The trail then passed a large split boulder on the left around .8 miles. We were able to climb up to the top of this rock and then look behind us which opened up some views that were getting near the top of the tree line. At .9 miles, we reached the top junction with the Barlow Trail and we pushed on from here to reach the top shortly after at the one mile mark. The tower was in the middle of the huge rock expanse, but there were views all around. We took some time to enjoy the views all around. Fairly soon, we were joined by a few other hikers that had approached the summit via Rollins State Park – this is a shorter hike to the top of Mt. Kearsarge. We first talked to a woman with her great niece. The niece was probably about 11 years old and was not a fan of the hike or views. She didn’t want to even look at the views. She just wanted to know if she could touch the rock and leave immediately. I could tell the great aunt was disappointed that her niece didn’t enjoy nature like she did, which was disappointing to witness. The next person was a young woman from New Jersey that came here to do a quick day hike. She had also approached from the Rollins State Park side, but she was hoping to make a larger loop and ended up adding the Winslow and Barlow trails to her day.
We then went to the fire tower. Christine decided to climb to the top, but when I felt the rickety nature of the structure and was nearly hit by squirrel droppings from a squirrel that Christine had upset, I decided to just wait at the bottom. Some men soon arrived to do some maintenance work on the dishes and they were talking about some of the mountain ranges around us. While I am sure they are doing some hard work, I was envious wishing I had an office view like this one.
We made our way back to the junction at the edge of the treeline with the Barlow Trail and followed the yellow blazes for this way back down. We continued along the top as we walked by an alpine bog and then to some other views. Dragonflies were everywhere at the top and it was neat to see so many of them at this high elevation. We were glad we did the loop the way we did since we had views ahead of us on the way down. The trail had some steep sections going down but weren’t nearly as treacherous as the way up. Most of the trail was deep in the woods, but it was pretty scenery all around us. We eventually made our way back to the lower junction between the Winslow and Barlow trails at 2.6 miles and then took a quick turn to the parking lot and we were done. While the trail was a shorter one at 2.7 miles, the hike up took longer than we would have normally taken and the views at the top will make you want to take a large break to take it all in.

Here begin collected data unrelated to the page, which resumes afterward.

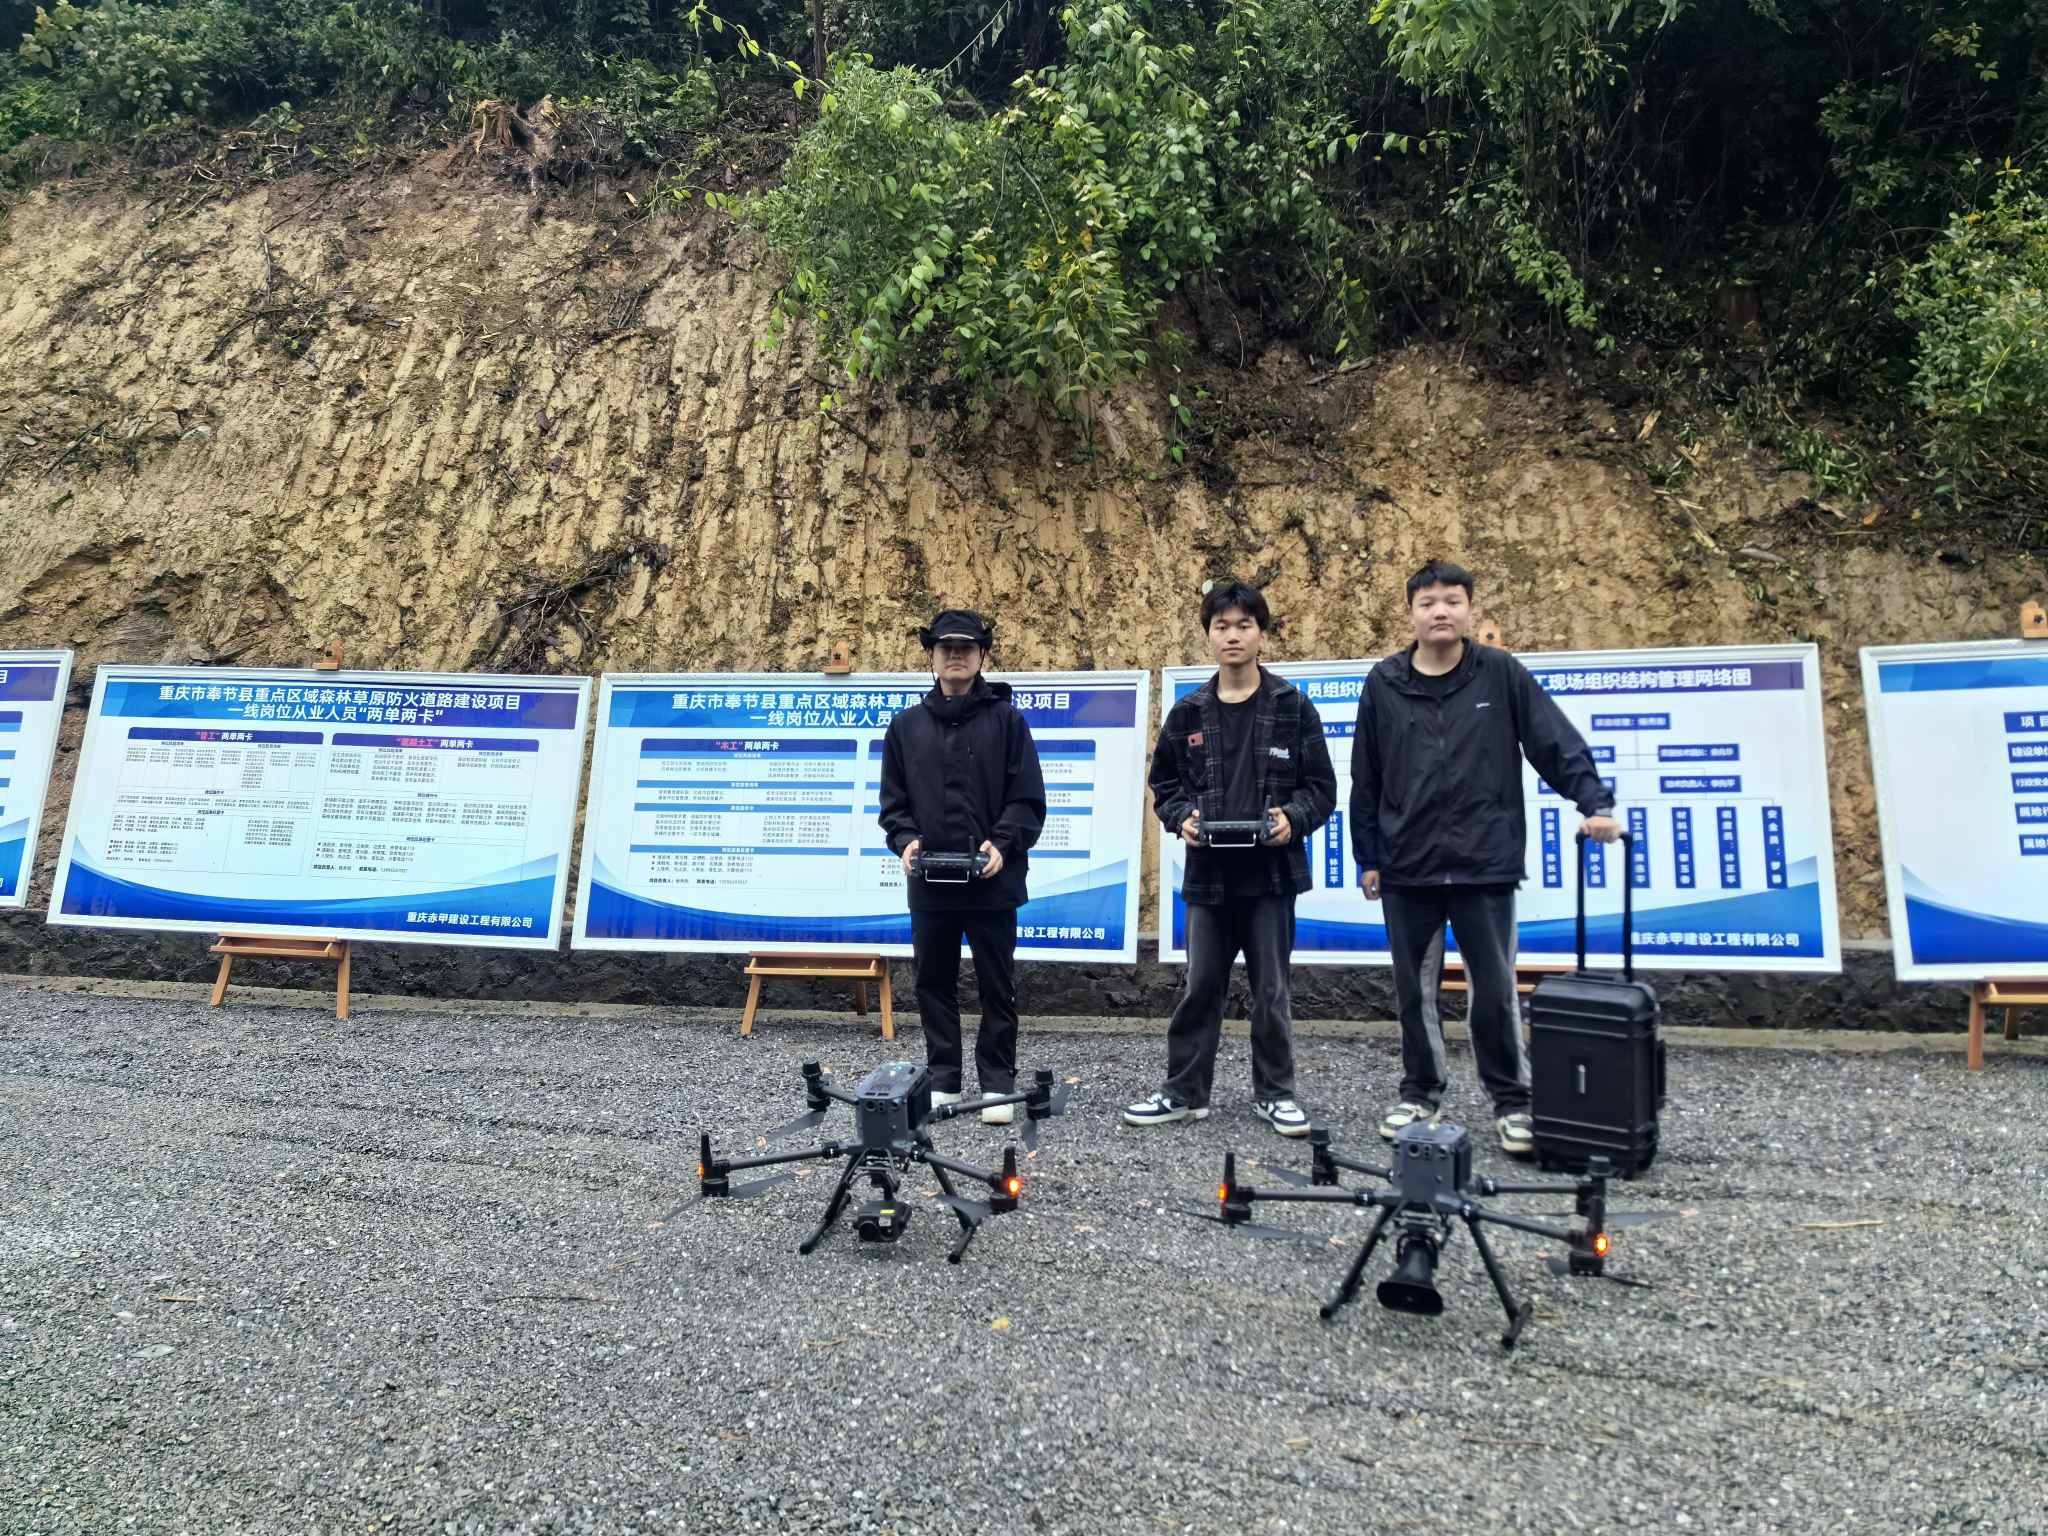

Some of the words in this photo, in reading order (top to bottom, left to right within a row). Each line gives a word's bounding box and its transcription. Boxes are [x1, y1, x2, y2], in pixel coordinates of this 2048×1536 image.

[159, 684, 521, 711] 重庆市奉节县重点区域森林草原防火道路建设项目
[406, 911, 533, 929] 重庆赤甲建设工程有限公司
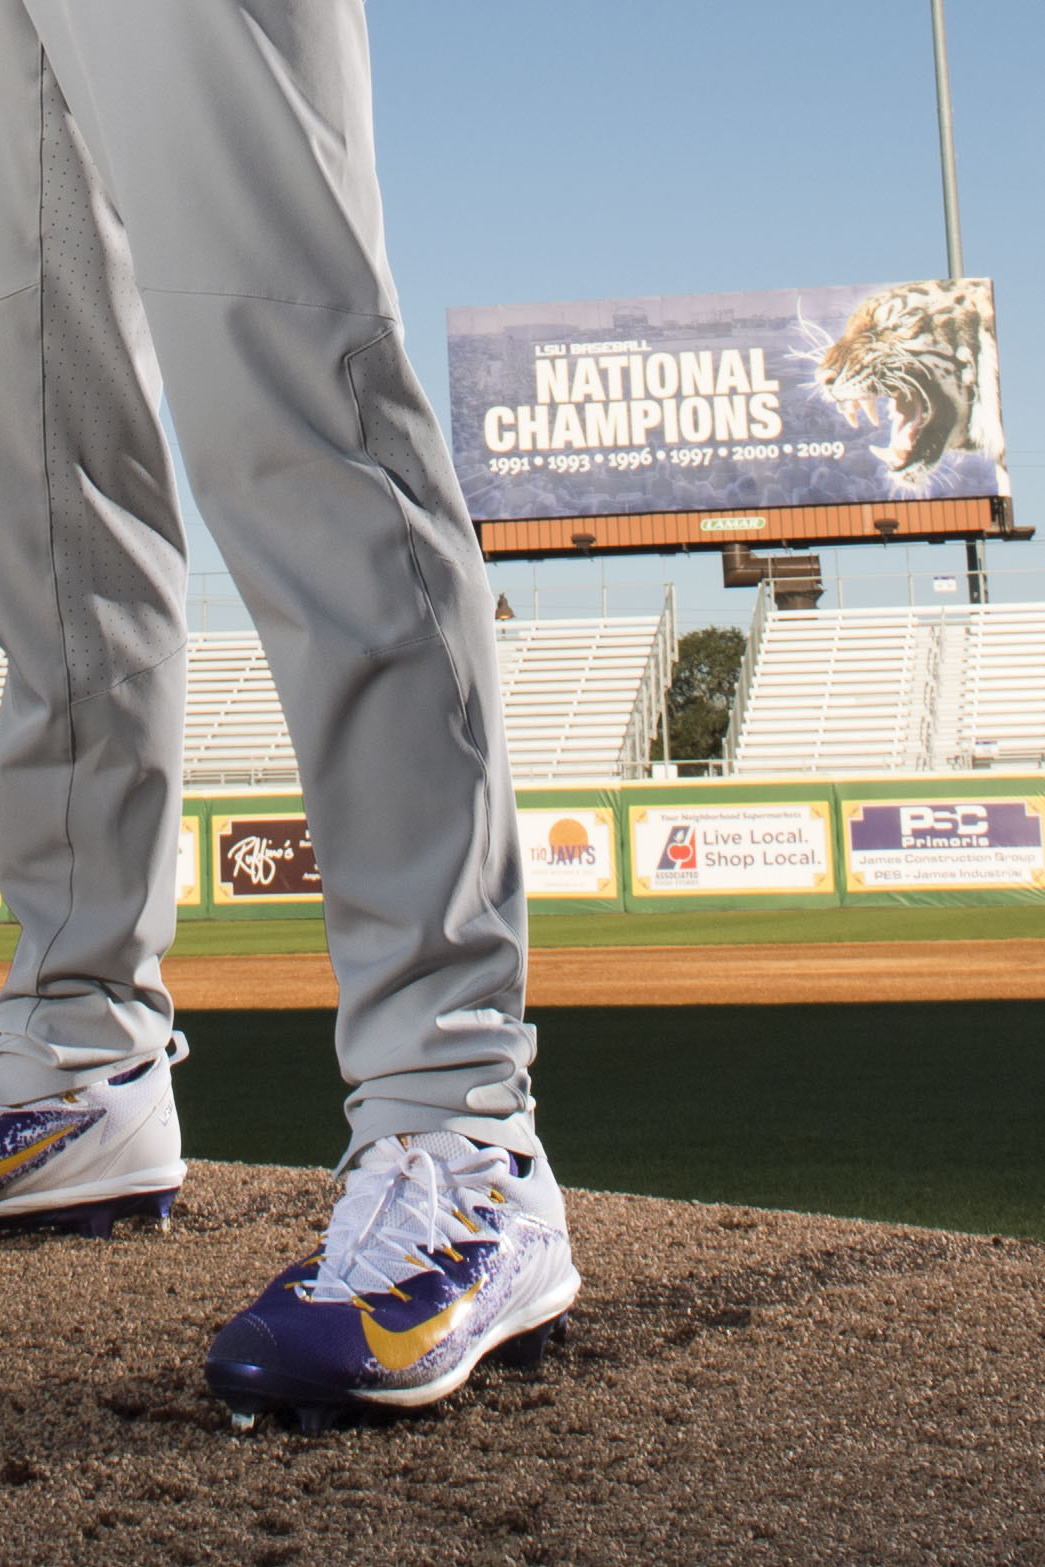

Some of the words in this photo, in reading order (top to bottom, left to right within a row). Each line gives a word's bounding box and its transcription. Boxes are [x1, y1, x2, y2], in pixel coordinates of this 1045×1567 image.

[535, 344, 567, 357] LSU
[570, 340, 652, 355] BASEBALL
[535, 348, 780, 404] NATIONAL
[484, 392, 783, 453] CHAMPIONS
[489, 457, 531, 475] 1991
[547, 454, 591, 473] 1993
[608, 448, 653, 471] 1996
[670, 448, 713, 467] 1997
[732, 445, 779, 460] 2000
[797, 441, 845, 460] 2009
[703, 830, 743, 845] Live
[750, 828, 809, 845] Local.
[901, 835, 990, 848] Primoris
[705, 851, 755, 869] Shop
[763, 849, 822, 866] Local.
[859, 855, 902, 866] James
[905, 852, 992, 864] Construction
[994, 851, 1036, 863] Group
[655, 871, 699, 880] ASSOCIATED
[914, 869, 956, 880] James
[959, 867, 1022, 879] Industrial
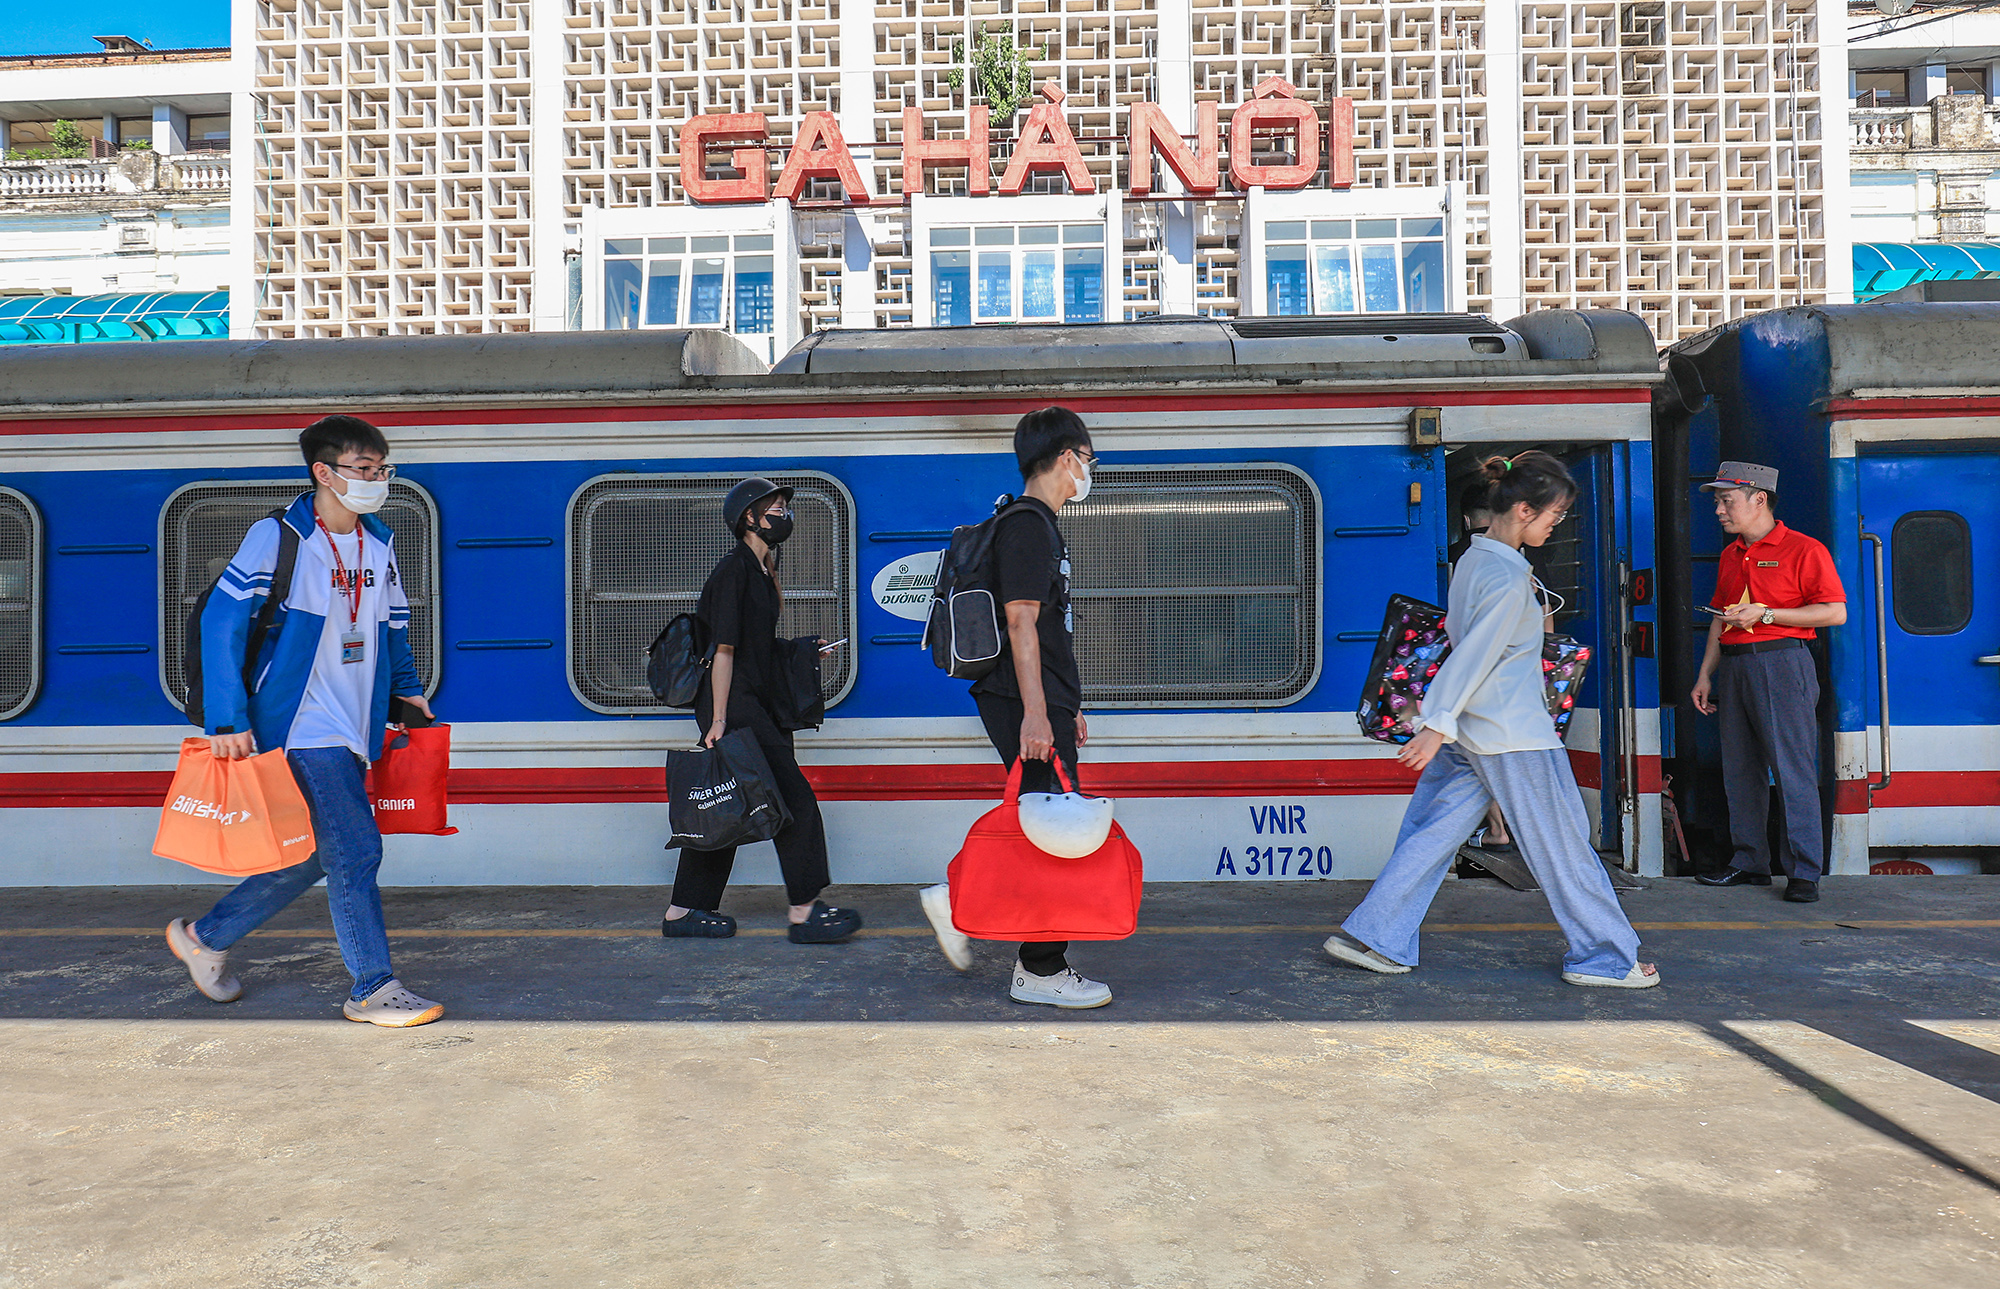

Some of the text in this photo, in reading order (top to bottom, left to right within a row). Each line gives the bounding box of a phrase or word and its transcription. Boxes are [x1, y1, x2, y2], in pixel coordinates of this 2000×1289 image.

[679, 110, 870, 204] GA
[903, 80, 1095, 197] HÀ
[1634, 575, 1645, 600] 8
[1638, 626, 1646, 652] 7
[377, 798, 415, 811] CANIFA
[1249, 805, 1307, 834] VNR
[1216, 845, 1333, 875] A 31720
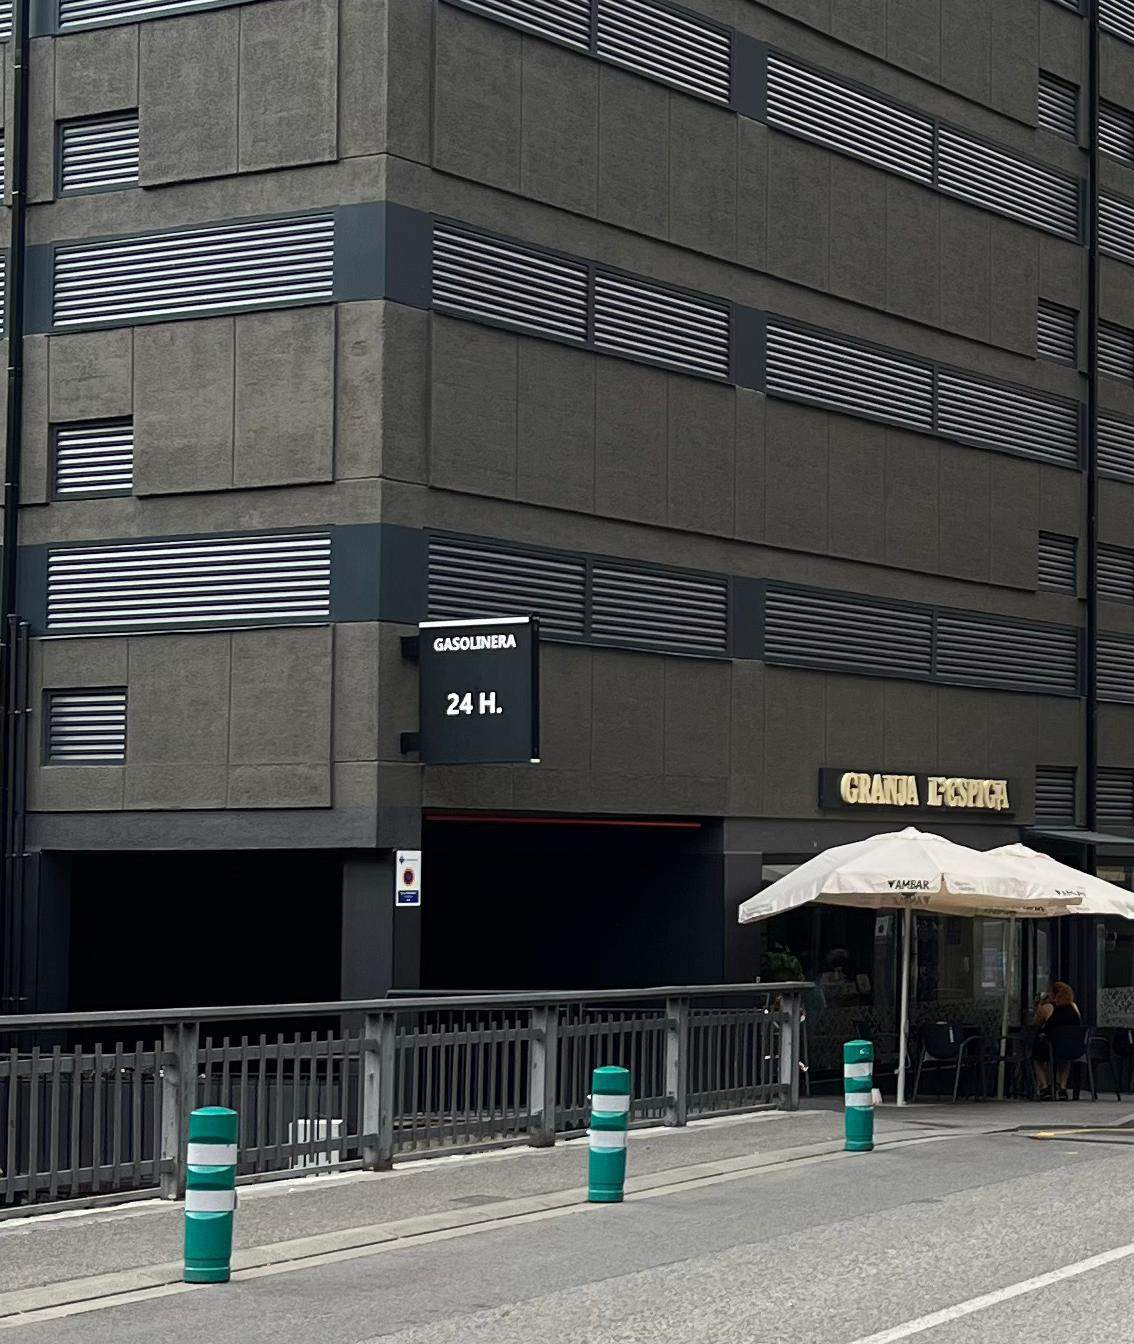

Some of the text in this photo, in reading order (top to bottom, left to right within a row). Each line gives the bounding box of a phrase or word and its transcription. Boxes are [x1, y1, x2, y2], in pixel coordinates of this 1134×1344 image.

[433, 634, 517, 652] GASOLINERA
[446, 691, 503, 715] 24 H.
[840, 771, 920, 806] GRANJA
[894, 879, 930, 890] AMBAR

The books we had read and internet research we had done in advance probably didn’t give this hike enough credit. This is definitely one to hit while in New Hampshire. The length of the hike may also make it suitable for a lot of families and there is a wonderful picnic spot where you park to make this a memorable experience for the entire family.
Mt. Kearsarge was our first new hike in New Hampshire during our summer 2018 trip. The small, but prominent, mountain is located in the Dartmouth-Sunapee region. Geologically, the mountain is what is known as a monadnock – a mountain that rises steeply and abruptly from relatively flat land. This type of mountain always looks taller and more imposing than it is in reality. It was a fantastic choice for an easy morning hike – great views, fun terrain, and not too lengthy. We chose to ascend on the Winslow Trail and then come back down on the Barlow Trail, making a 2.7 mile loop.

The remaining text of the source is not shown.